Affiliation:
1. University of Nairobi
2. Kenyatta National Hospital
Abstract
Abstract
Inappropriate utilization of higher-level health facilities and ineffective management of referral processes in resource-limited settings is increasingly becoming a concern in health care management in developing countries. This is characterized by self-referral and frequent bypassing of the nearest health facilities coupled with low formal referral mechanisms. This scenario lends itself to a situation where uncomplicated medical conditions are unnecessarily managed in a high-cost health facility. On July 1, 2021, Kenyatta National Hospital (KNH) did enforce the referral guidelines that required patients have a formal referral letter to KNH to reduce the number of walk-ins and allow KNH to function as a referral facility as envisioned by Kenya 201 constitution and KNH legal statue of 1987.
Study Objective: To determine the effect of referral guidelines on patterns of orthopaedic and trauma admissions to KNH.
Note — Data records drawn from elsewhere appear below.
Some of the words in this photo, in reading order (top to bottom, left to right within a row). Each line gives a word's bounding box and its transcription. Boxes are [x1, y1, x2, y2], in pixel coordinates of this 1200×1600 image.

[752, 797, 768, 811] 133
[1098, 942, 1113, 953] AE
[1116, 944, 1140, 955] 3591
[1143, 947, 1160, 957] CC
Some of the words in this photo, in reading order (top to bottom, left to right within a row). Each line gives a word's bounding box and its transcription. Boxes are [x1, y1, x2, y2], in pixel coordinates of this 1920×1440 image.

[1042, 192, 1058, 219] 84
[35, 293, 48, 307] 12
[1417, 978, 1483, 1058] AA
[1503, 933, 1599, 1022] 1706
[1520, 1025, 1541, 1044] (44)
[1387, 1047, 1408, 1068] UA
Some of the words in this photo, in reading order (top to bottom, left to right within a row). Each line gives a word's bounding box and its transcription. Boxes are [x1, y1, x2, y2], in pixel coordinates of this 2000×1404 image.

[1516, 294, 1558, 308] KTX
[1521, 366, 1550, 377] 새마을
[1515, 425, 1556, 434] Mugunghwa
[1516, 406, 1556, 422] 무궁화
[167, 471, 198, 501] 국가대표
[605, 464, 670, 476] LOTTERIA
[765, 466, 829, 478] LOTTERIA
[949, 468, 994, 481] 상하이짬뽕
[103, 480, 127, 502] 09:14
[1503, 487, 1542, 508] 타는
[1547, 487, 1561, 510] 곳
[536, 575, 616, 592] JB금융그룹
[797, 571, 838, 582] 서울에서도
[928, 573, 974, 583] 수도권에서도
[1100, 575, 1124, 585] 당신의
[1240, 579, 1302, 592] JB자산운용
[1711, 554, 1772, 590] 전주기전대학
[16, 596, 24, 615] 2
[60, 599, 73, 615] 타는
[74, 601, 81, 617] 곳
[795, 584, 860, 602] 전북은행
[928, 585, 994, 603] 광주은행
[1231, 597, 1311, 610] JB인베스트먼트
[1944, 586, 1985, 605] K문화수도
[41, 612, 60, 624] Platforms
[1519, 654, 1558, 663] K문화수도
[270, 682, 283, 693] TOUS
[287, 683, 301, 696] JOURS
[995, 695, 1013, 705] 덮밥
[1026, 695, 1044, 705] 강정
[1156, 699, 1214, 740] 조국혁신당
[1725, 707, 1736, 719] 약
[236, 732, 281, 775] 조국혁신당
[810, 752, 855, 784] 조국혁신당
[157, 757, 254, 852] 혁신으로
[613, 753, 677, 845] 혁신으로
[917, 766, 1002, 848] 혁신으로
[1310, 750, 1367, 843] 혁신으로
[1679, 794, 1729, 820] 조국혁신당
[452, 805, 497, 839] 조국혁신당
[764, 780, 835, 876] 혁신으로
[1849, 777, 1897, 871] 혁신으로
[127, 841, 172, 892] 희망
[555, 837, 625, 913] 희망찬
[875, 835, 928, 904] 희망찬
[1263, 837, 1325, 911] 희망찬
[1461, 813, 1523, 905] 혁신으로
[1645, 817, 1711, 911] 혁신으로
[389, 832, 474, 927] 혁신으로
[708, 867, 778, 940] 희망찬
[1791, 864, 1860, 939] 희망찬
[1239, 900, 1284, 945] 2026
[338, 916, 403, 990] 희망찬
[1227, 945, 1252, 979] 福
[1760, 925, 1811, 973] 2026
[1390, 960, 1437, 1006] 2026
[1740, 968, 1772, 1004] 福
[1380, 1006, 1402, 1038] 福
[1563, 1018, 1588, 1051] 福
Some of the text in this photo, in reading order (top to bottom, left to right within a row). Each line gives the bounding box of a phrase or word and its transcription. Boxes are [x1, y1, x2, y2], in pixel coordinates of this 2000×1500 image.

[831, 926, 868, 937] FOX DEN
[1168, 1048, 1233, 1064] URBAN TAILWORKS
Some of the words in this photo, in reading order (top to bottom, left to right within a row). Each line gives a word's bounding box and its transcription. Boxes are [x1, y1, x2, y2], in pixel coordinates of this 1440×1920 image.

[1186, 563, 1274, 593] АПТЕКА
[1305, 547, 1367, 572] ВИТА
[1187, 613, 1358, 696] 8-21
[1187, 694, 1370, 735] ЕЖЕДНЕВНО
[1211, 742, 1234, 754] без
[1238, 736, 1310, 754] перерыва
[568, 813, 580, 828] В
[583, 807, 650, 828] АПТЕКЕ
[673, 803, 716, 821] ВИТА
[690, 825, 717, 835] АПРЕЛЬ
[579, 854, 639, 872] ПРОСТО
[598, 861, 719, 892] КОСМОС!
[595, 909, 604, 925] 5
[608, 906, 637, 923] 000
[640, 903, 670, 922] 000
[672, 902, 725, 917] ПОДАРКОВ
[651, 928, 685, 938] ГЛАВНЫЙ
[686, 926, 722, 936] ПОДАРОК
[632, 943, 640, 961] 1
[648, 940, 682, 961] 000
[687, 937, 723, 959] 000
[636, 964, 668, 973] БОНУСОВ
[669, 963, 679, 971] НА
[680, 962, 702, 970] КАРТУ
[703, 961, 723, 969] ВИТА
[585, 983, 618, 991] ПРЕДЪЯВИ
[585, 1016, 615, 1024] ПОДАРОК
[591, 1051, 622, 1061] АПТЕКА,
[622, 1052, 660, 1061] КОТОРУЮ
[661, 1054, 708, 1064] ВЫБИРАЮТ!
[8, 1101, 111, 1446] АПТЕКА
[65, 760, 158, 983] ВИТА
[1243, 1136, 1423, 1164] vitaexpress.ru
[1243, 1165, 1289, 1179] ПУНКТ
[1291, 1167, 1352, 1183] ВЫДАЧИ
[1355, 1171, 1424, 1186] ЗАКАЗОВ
Methodology: This was a quasi – experimental design. Data abstraction was done for 459 and 446 before and after enforcement of referral guidelines.
Findings enforcement of the referral guidelines reduced the proportion of walk-in admissions from 54.9% to 45.1%, while facility referrals increased from 46.6% to 53.4%. The Non-trauma orthopaedic admissions doubled from 12.0% to 22.4% after enforcement of the referral guidelines (p<0.001). The mean age was 33.8 years with mean age rising among females from 32.2 years to 38.0 years after the enforcement of the referral guidelines. There was a significant increase in the proportion of female admissions after the enforcement of the referral guidelines. The enforcement of the referral guidelines was associated with a statistically significant increase in the number of orthopaedic admissions with active insurance cover.
Conclusion: the enforcement of the referral guidelines reduced the proportion of walk-ins. The enforcement of the guidelines was also associated with orthopaedic and trauma admissions with more non-trauma cases, tertiary education level, and more active insurance cover.